Reina Staley, chief of staff for the Defense Digital Service, notes that white-hat hacking and crowdsourced security initiatives are often used used by small businesses and large companies to beef up their security. Payouts for Hack the Air Force will be made based on the severity of the exploit discovered, and there will be only one payout per exploit.
Staley notes that the DoD’s Hack the Pentagon initiative, which was launched in April 2016 by the Defense Digital Service, was the federal government’s first bug bounty program. More than 1,400 hackers registered to participate, and DoD paid $75,000 in bounties.
“In the past, we contracted to a security research firm and they found less than 20 unique vulnerabilities,” Staley explains. “For Hack the Pentagon, the 1,400 hackers found 138 unique vulnerabilities, most of them previously unknown.”
Kim says Hack the Air Force is all about being more proactive in finding security flaws and fixing them quickly. “While the money is a draw, we’re also finding that people want to participate in the program for patriotic reasons as well. People want to see the Internet and Armed Forces networks become safer,” he says.

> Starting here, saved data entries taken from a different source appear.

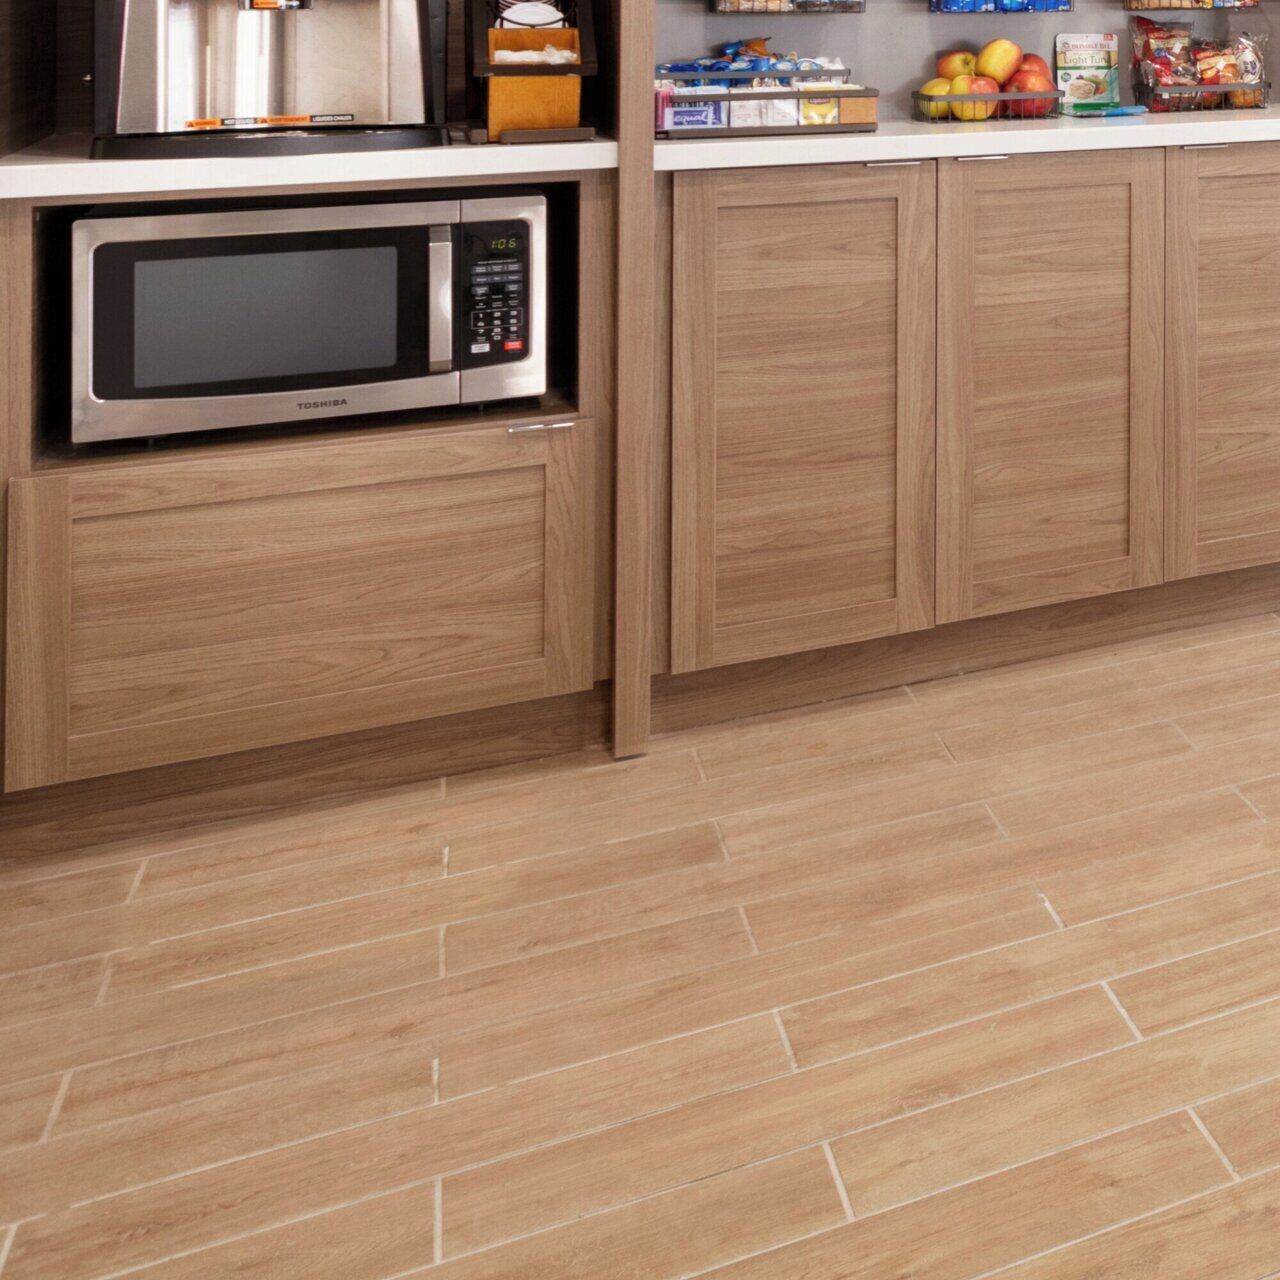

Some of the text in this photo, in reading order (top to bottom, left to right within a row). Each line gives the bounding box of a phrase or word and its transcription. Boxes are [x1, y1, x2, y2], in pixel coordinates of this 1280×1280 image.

[1064, 56, 1109, 65] Light Tun
[673, 109, 708, 124] equal
[492, 239, 516, 248] 1:06
[297, 397, 348, 410] TOSHIBA
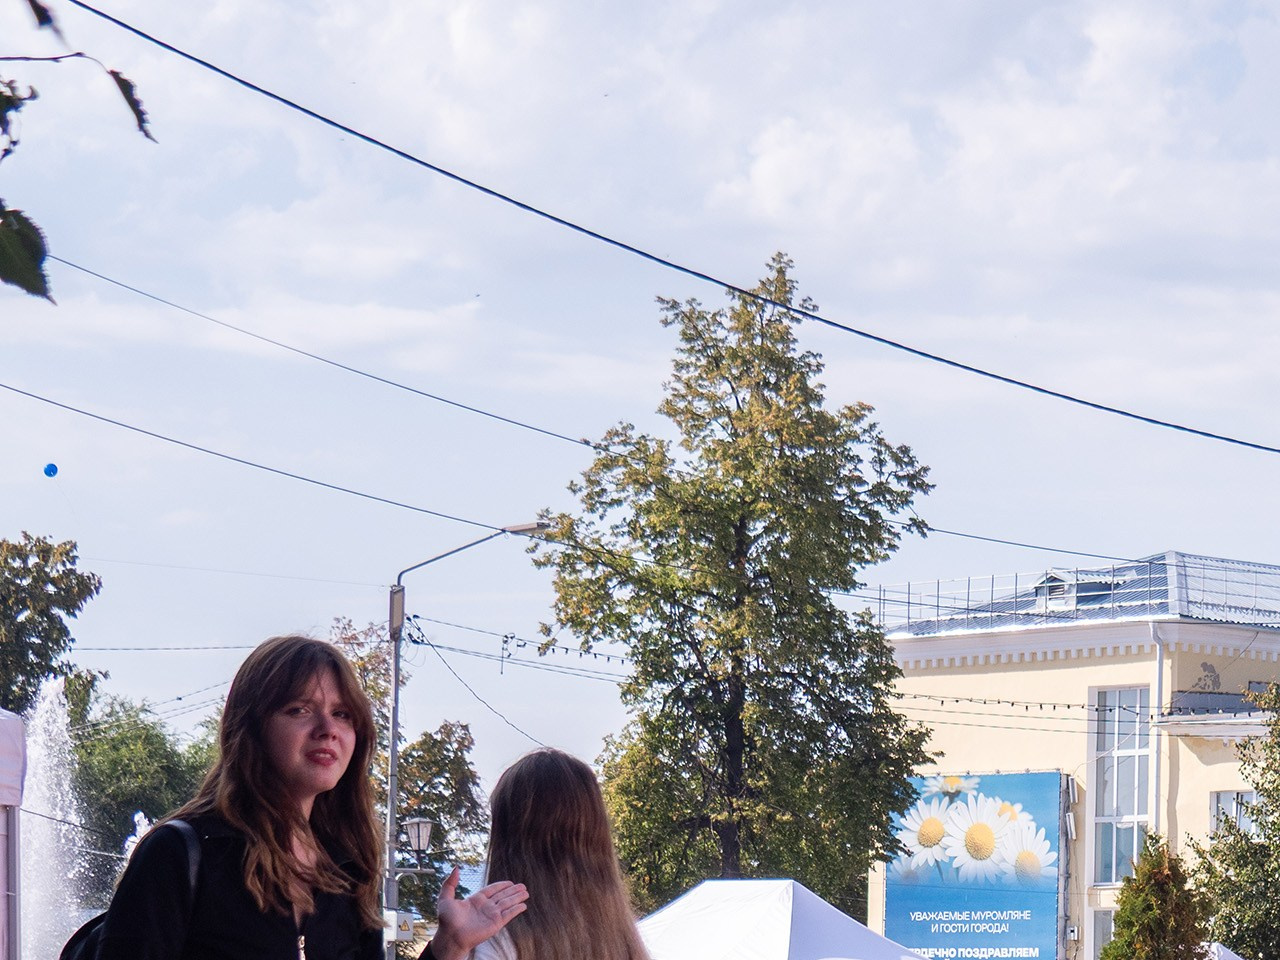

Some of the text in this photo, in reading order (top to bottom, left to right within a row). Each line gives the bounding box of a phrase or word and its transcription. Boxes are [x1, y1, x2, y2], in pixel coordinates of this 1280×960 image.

[910, 910, 1031, 921] УВАЖАЕМЫЕ МУРОМЛЯНЕ
[931, 923, 1009, 934] И ГОСТИ ГОРОДА!
[957, 948, 1039, 959] ПОЗДРАВЛЯЕМ

Let’s see, $75,000 split between 1,400 hackers, that’s $53.57 per hacker, on average. Some got more than average, some got nothing at all.
‘Hack the Air Force’ damages the defensive cybersecurity labor market by driving down the compensation for cybersecurity skills. Skills that take time, hard work, talent to develop, but the Air Force devalues them with chump change.

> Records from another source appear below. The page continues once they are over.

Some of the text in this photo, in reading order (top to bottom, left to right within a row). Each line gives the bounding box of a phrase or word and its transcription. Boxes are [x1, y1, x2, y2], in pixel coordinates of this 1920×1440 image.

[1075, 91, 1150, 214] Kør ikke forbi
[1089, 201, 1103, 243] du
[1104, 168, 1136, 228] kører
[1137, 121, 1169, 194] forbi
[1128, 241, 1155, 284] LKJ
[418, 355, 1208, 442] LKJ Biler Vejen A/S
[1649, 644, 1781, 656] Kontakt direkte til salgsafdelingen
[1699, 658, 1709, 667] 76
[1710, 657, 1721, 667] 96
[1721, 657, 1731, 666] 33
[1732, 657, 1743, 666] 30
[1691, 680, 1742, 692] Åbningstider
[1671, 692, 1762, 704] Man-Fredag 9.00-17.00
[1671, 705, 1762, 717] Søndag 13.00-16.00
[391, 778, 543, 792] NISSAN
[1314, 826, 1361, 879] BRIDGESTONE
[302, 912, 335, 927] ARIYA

I fully agree with anyone who says government, DoD or Air Force cybersecurity sucks.
However, the Air Force chose to spend money on valets, chauffeurs for its generals, fighter jets that randomly burst into flames, etc., just as they chose to neglect cybersecurity.
Not my decision, not my problem.
Want an effective solution?
First step, “…use the free market Luke!” Create an Air Force contact point where hackers can anonymously submit notices of vulnerabilities. Institute a reliable and responsive process that offers compensation (market-based compensation) for those finds. Compensation paid in bitcoins.
Bearing in mind that paying market rate and adhering to market reasonable responsiveness will be critical to success of such a portal. Yes, in a “huffy” voice, “you are the US Air Force,” but hackers will have something you need and cannot supply yourself. Live with it.
Second step, create a very “lite” contracting process when you need short-term cybersecurity audits or services. That means abandoning the layers of reports and graft of primes, sub-primes and sub-sub-primes, with all the feather nesting of contract officers, etc., along the way. Oh, drug tests as well. You want results, not squeaky clean but so-so hackers.
Third step, disclose vulnerabilities in other armed services, both domestic and foreign. Time spent hacking them is time not spent hacking you. Yes?
Until the Air Force stops damaging the defensive cybersecurity labor market, boycott the ‘Hack the Air Force’ at HackerOne and all similar efforts.